Ikan gabus juga makanan yang syarat akan nilai gizi, dalam ikan gabus
selain tinggi protein juga mengandung beberapa mineral dan juga vitamin yang
sangat dibutuhkan oleh tubuh manusia. Mineral yang dikandung diantaranya
adalah besi, kalsium, fosfor dan juga seng. Vitamin yang ada didalam daging ikan
gabus diantaranya adalah vitamin A dan vitamin B1 (Sediaoetama, 1985).
Adapun kemungkinan kesalahan yang kami dapatkan yaitu pada saat
pengeringan tanaman, sehingga tanaman masih terkandung kadar air yang banyak,
dan pada proses pengawetan yang tidak sesuai sehingga tanaman mudah
ditumbuhi oleh jamur.
BAB V
KESIMPULAN
5.1 Kesimpulan
Dari pkl kali ini dapat disimpulkan :
1. Fitokimia atau kimia tumbuhan mempelajari anekas ragam senyawa
organik yang dibentuk dan ditimbun oleh tumbuhan yaitu mengenai
struktur kimianya, biosintesisnya, perubahan serta metabolismenya,
penyebaran secara alamiah serta fungsi biologinya.

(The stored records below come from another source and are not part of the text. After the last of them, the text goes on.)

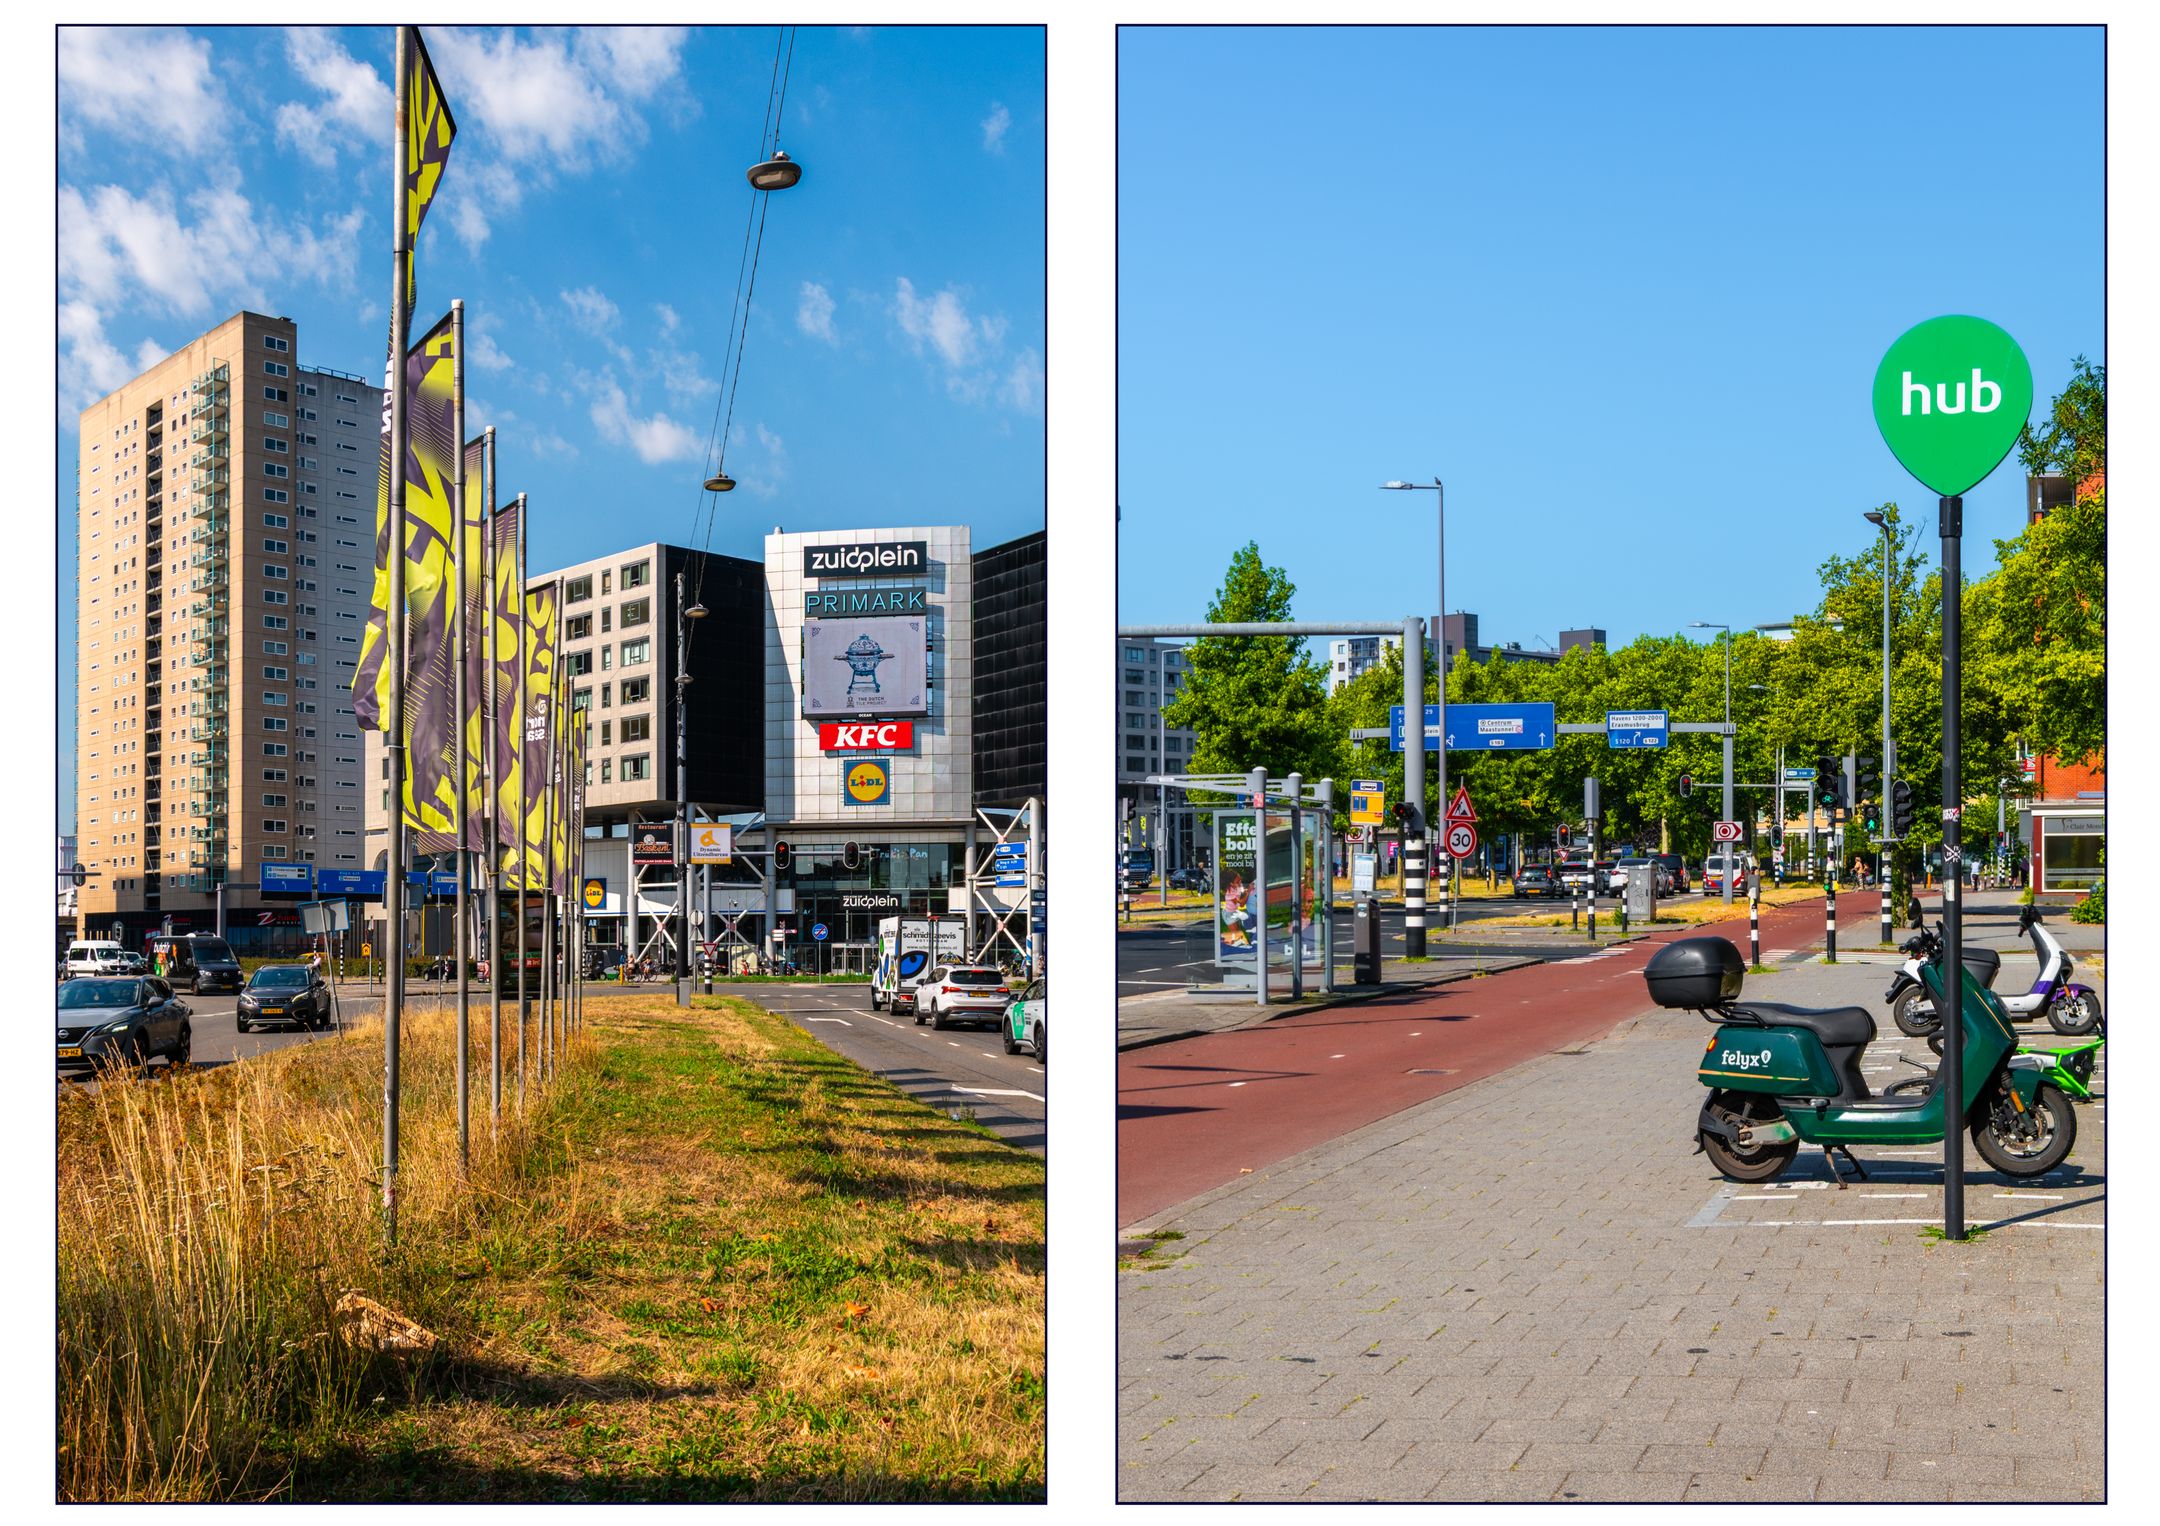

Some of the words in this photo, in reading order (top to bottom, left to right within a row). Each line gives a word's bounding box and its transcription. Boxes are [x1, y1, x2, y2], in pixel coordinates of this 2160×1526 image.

[1902, 368, 2002, 415] hub
[812, 545, 918, 572] zuidplein
[807, 591, 924, 613] PRIMARK
[834, 725, 897, 747] KFC
[1226, 837, 1257, 850] boll
[1452, 833, 1471, 847] 30
[1236, 852, 1243, 860] je
[1245, 860, 1254, 868] bij
[843, 895, 899, 909] zuidplein
[1284, 944, 1311, 956] bl.
[1721, 1050, 1760, 1070] felyx
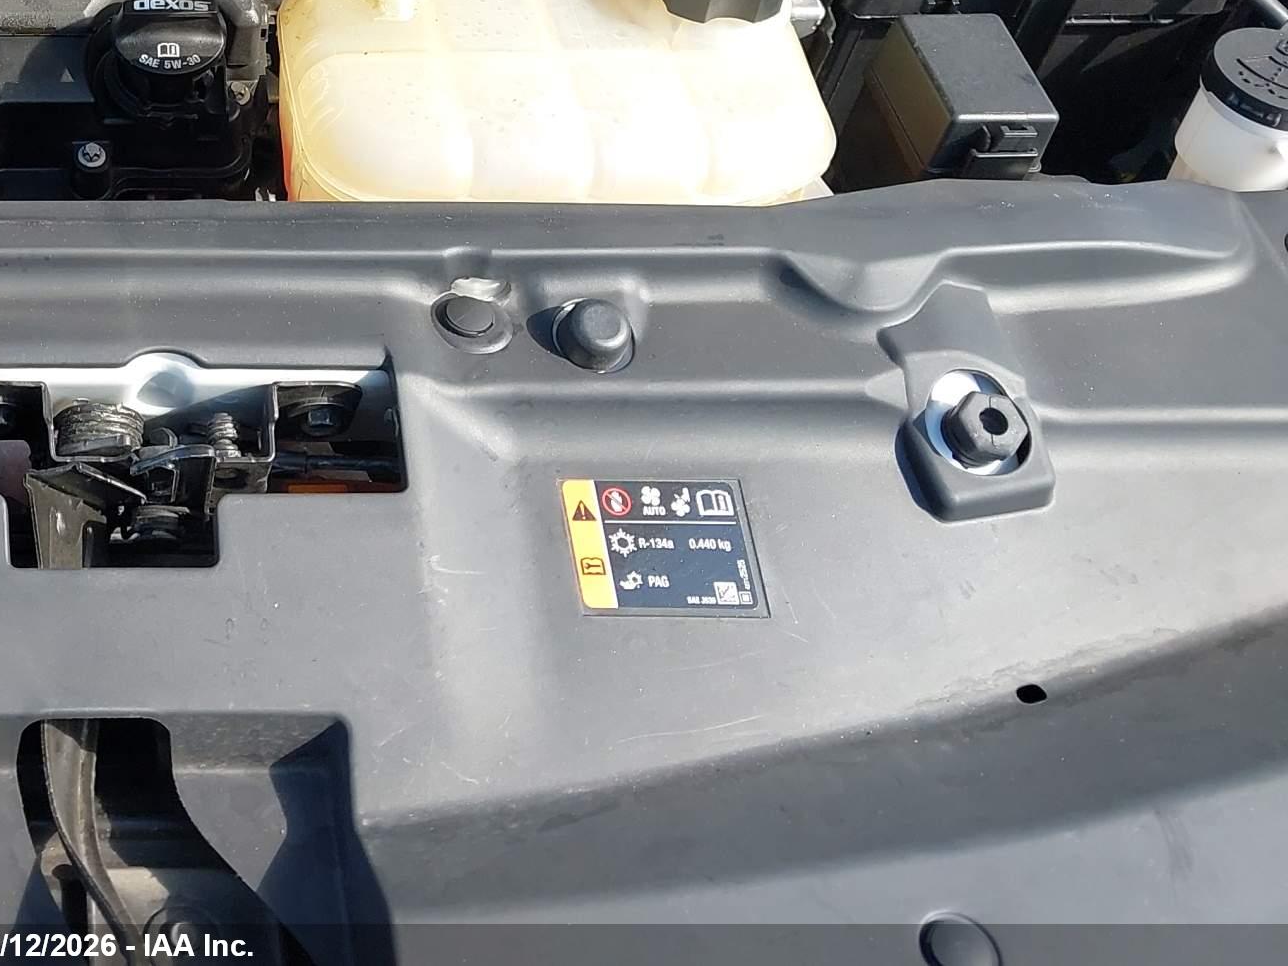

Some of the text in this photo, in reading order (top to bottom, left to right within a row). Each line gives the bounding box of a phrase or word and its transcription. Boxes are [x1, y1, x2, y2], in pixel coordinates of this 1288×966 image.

[138, 54, 201, 69] SAE 5W-30
[643, 506, 667, 516] AUTO
[638, 538, 732, 552] R-134a 0.440 kg
[647, 575, 669, 588] PAG
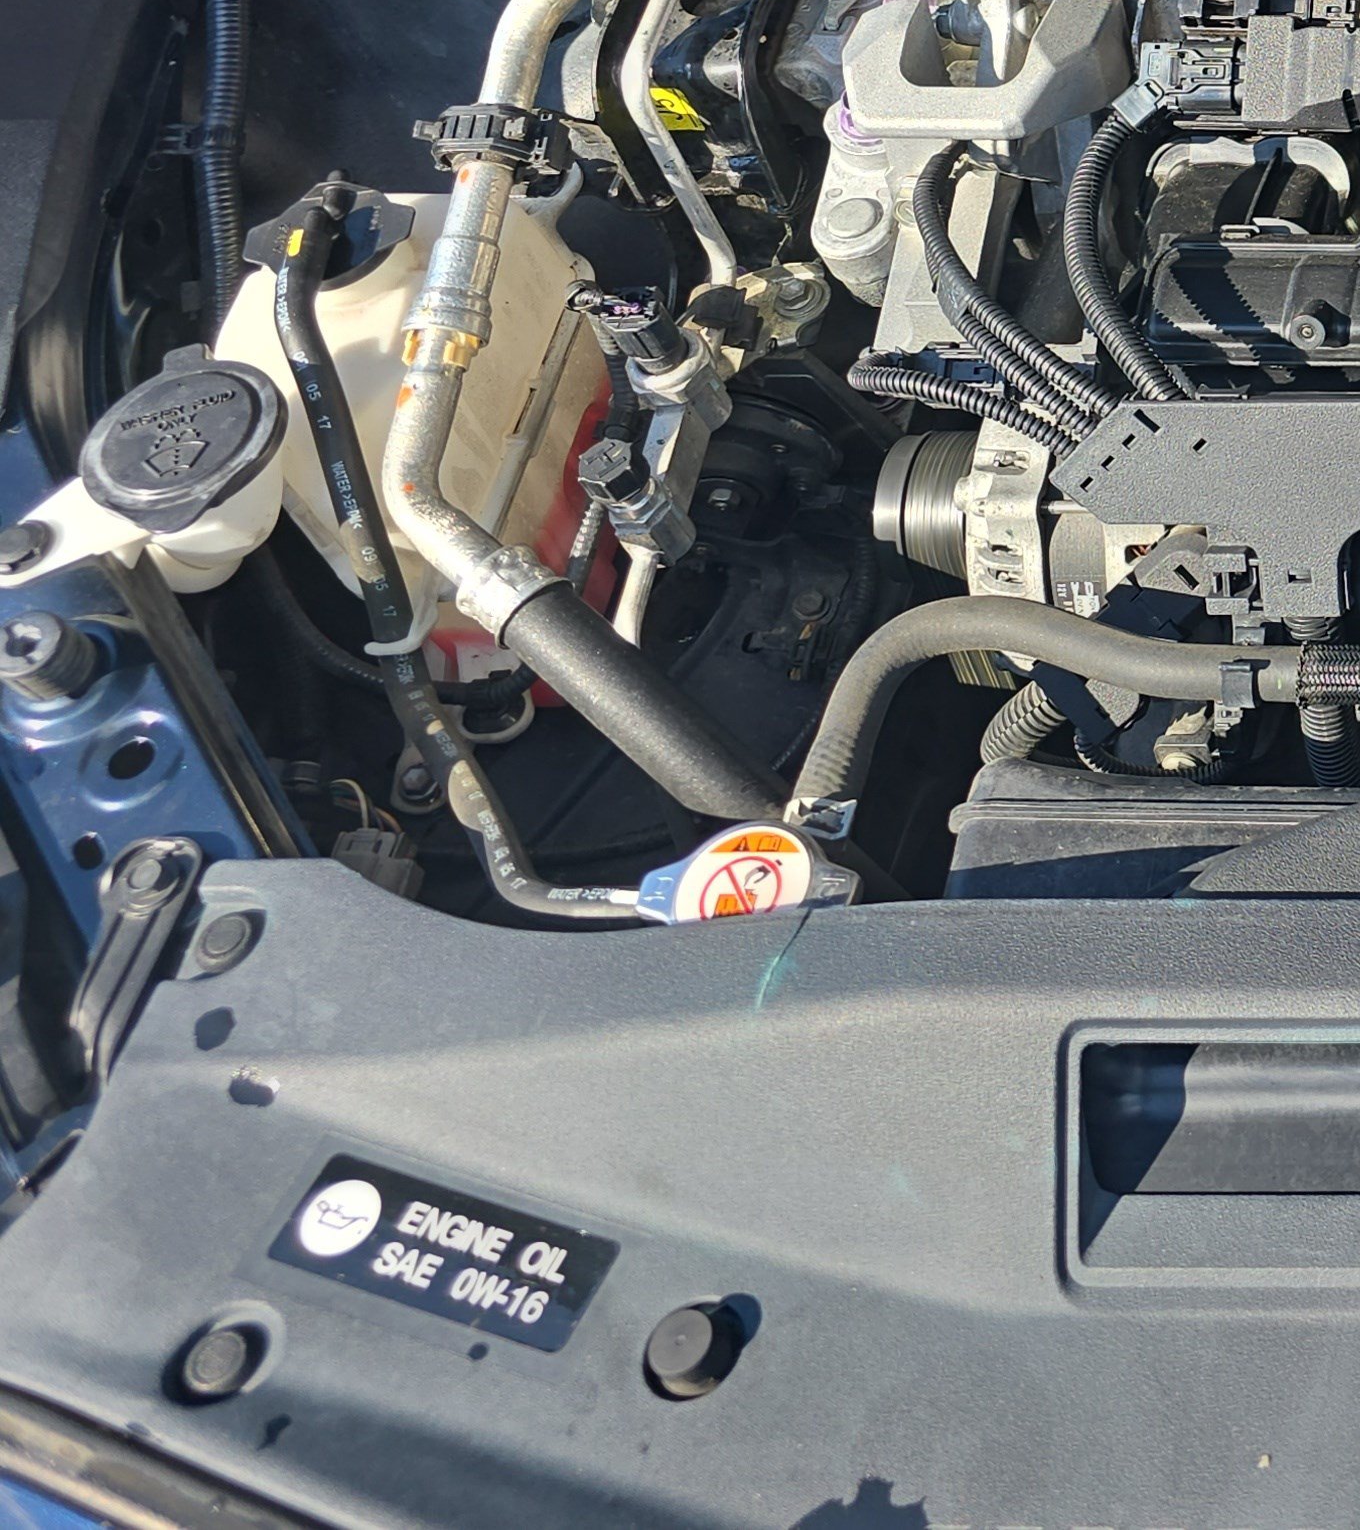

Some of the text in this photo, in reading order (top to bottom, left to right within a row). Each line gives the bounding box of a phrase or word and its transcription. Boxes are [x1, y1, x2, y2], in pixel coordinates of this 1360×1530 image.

[305, 382, 322, 402] 05
[317, 414, 332, 430] 17
[330, 461, 349, 493] WATER
[361, 546, 377, 566] 09
[383, 604, 398, 618] 17
[373, 1242, 550, 1324] SAE 0W-16
[396, 1201, 569, 1285] ENGINE OIL
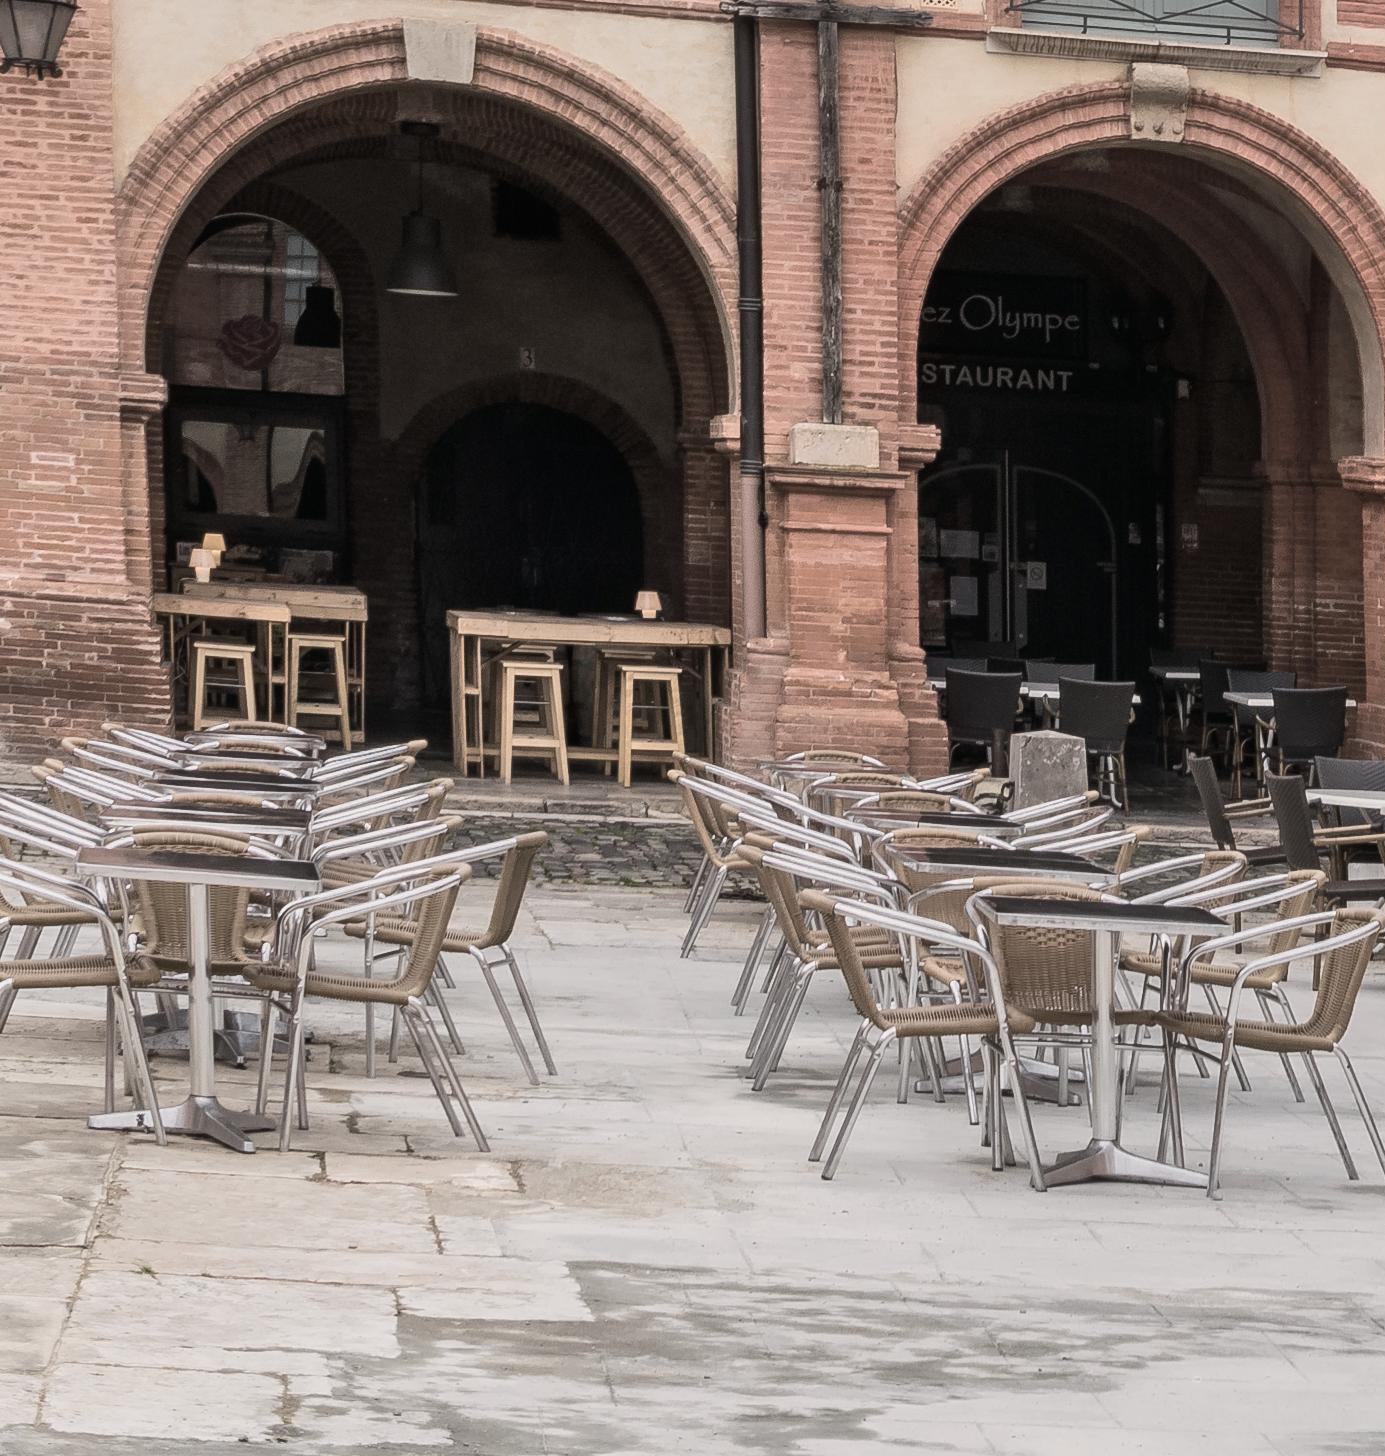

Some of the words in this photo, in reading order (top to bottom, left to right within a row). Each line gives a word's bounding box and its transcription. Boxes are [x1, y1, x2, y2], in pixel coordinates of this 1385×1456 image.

[922, 306, 952, 323] ez
[960, 294, 1080, 343] Olympe
[522, 348, 533, 368] 3
[922, 363, 1073, 391] STAURANT

2. Salah satu jenis tanaman yang dapat diolah sebagai bahan pengobatan
yaitu kunyit, kunyit dikenal sebagai obat herbal yang memiliki kandungan
anti inflamasi untuk mengatasi rasa sakit yang terkait dengan nyeri sendi.
3. Tanaman yang dapat dijadikan simplisia yaitu sambiloto, meniran,
rimpang jahe, jambu biji, rimpang kunyit, rimpang temulawak, daun sereh,
bunga cengkeh, dll. Proses pemanenan dan preparasi simplisia merupakan
proses yang dapat memenuhi mutu simplisia dalam berbagai artian, yaitu
komposisi senyawa kandungan, kontaminsi dan stabilitas bahan.
5.2 Saran
5.2.1 Saran untuk jurusan
Diharapkan pihak jurusan dapat meningkatkan fasilitas-fasilitas yang ada
pada laboratorium.
5.2.2 Saran untuk asisten
Kami mengharapkan agar kiranya dapat terjadi kerja sama yang lebih baik
lagi antar asisten dan praktikan saat berada di dalam laboratorium maupun
diluar laboratorium. Sebab kerja sama yang baik akan lebih mempermudah
proses penyaluran pengetahuan dar asisten kepada praktikan.